(PROVIDED ENTRIES Opens)
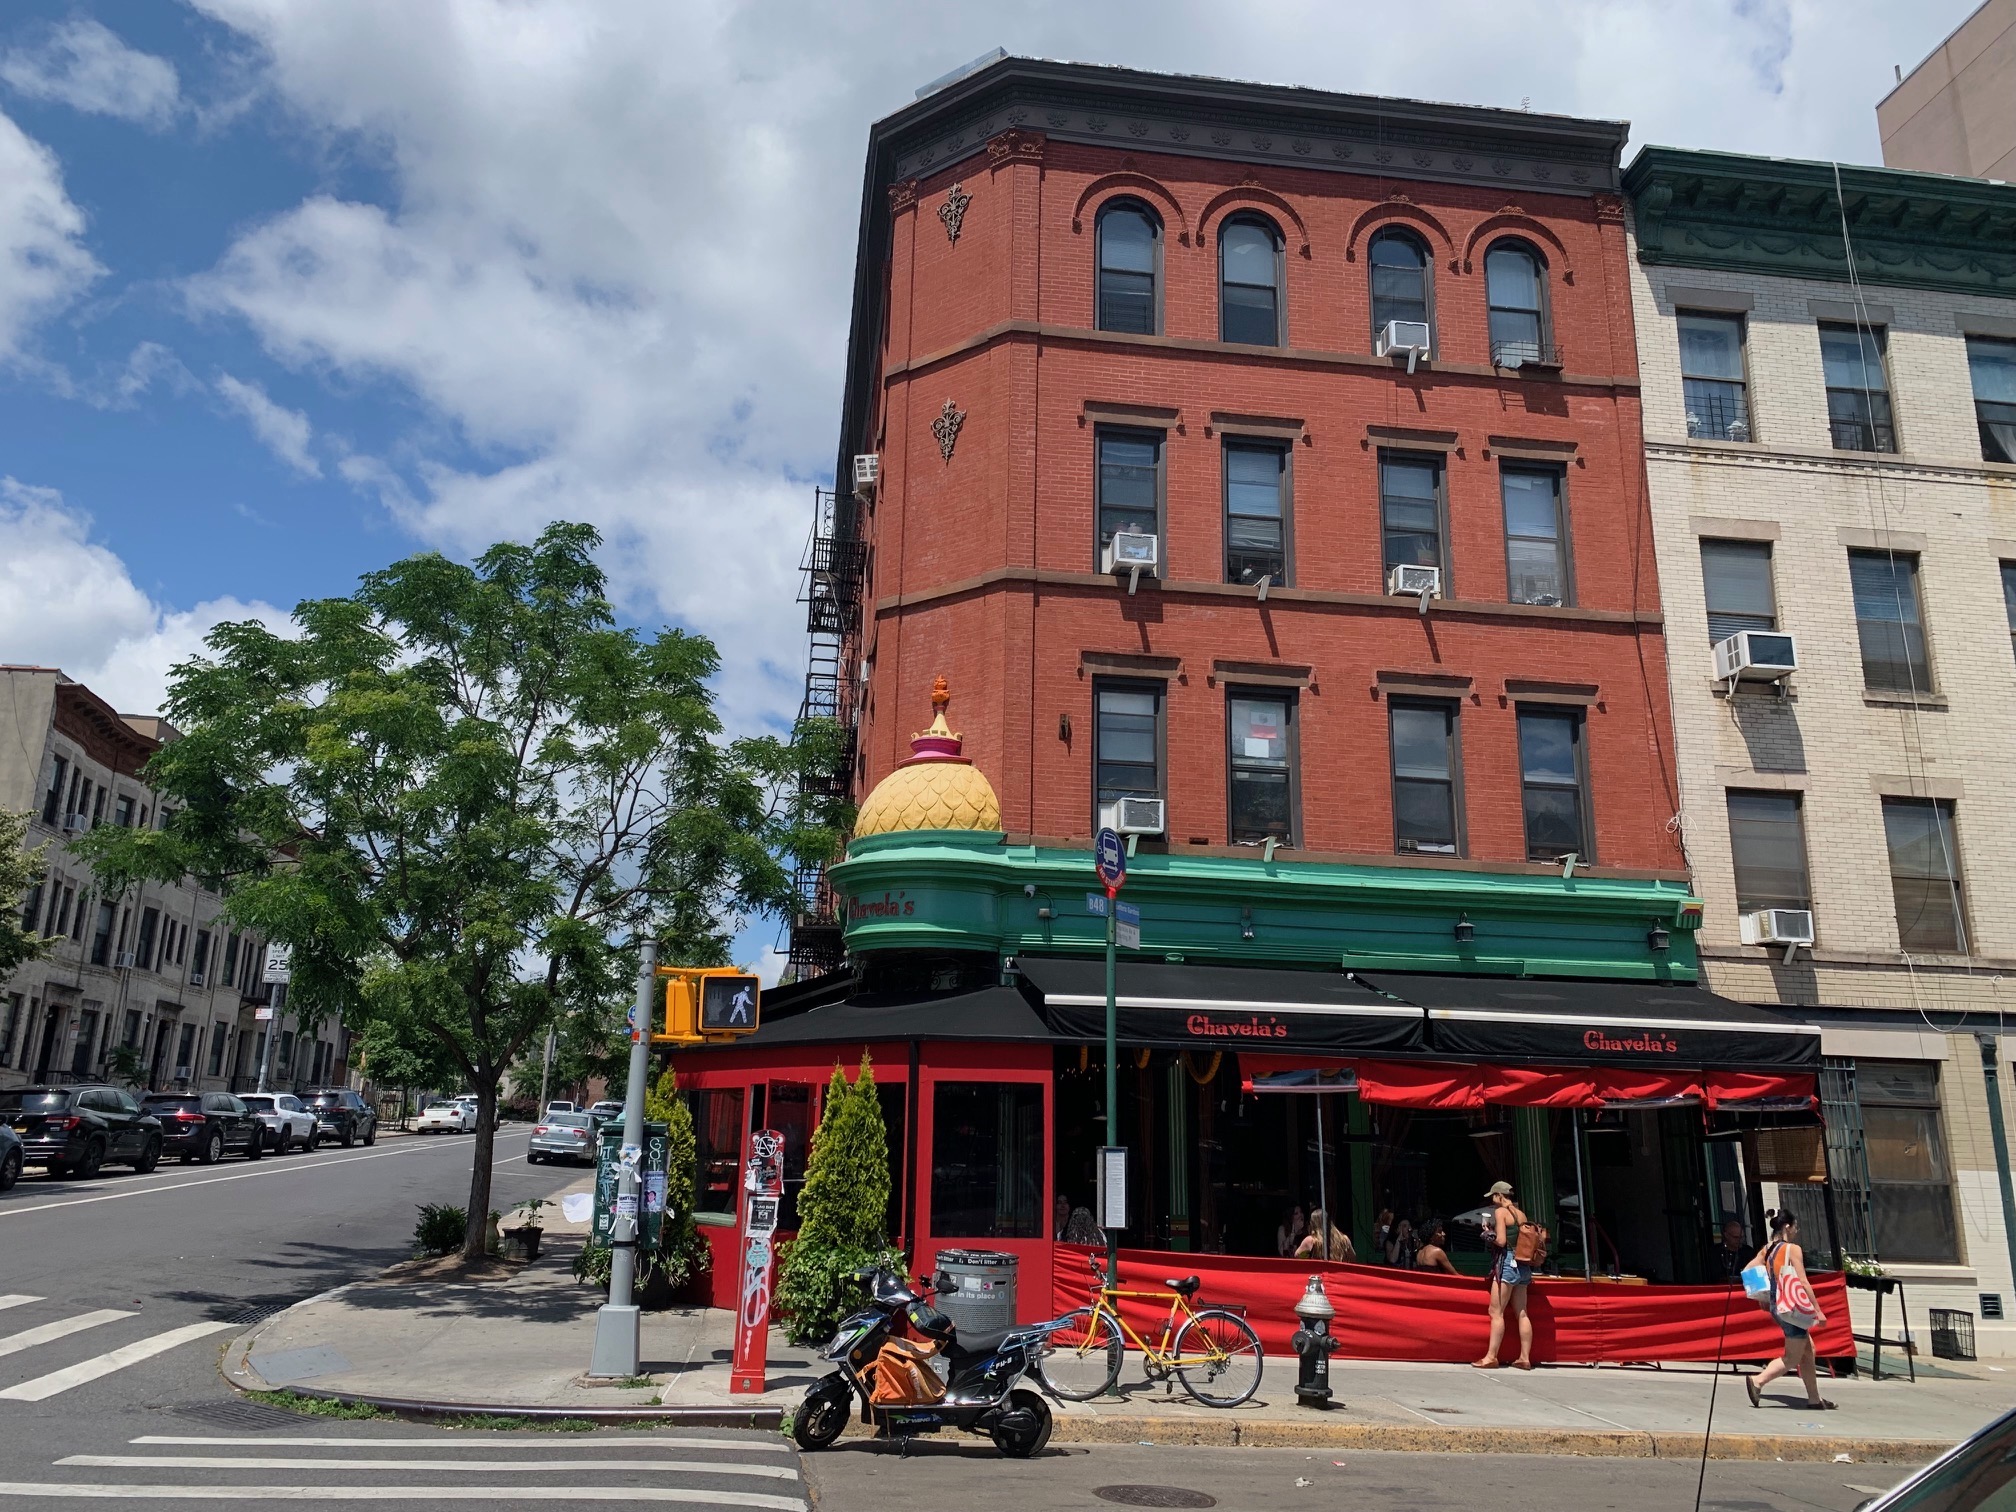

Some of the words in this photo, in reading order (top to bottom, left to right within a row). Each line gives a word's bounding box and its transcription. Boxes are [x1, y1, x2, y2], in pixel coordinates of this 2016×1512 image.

[1089, 898, 1104, 912] B48
[268, 959, 288, 971] 25
[1186, 1014, 1288, 1038] Chavela's
[1583, 1030, 1678, 1053] Chavela's
[966, 1291, 976, 1299] its
(PROVIDED ENTRIES Closes)
• REQUIRED ACTION:
Give the entries above again word for word, without the pictures.

• EXPECTED ANSWER:
Some of the words in this photo, in reading order (top to bottom, left to right within a row). Each line gives a word's bounding box and its transcription. Boxes are [x1, y1, x2, y2], in pixel coordinates of this 2016×1512 image.

[1089, 898, 1104, 912] B48
[268, 959, 288, 971] 25
[1186, 1014, 1288, 1038] Chavela's
[1583, 1030, 1678, 1053] Chavela's
[966, 1291, 976, 1299] its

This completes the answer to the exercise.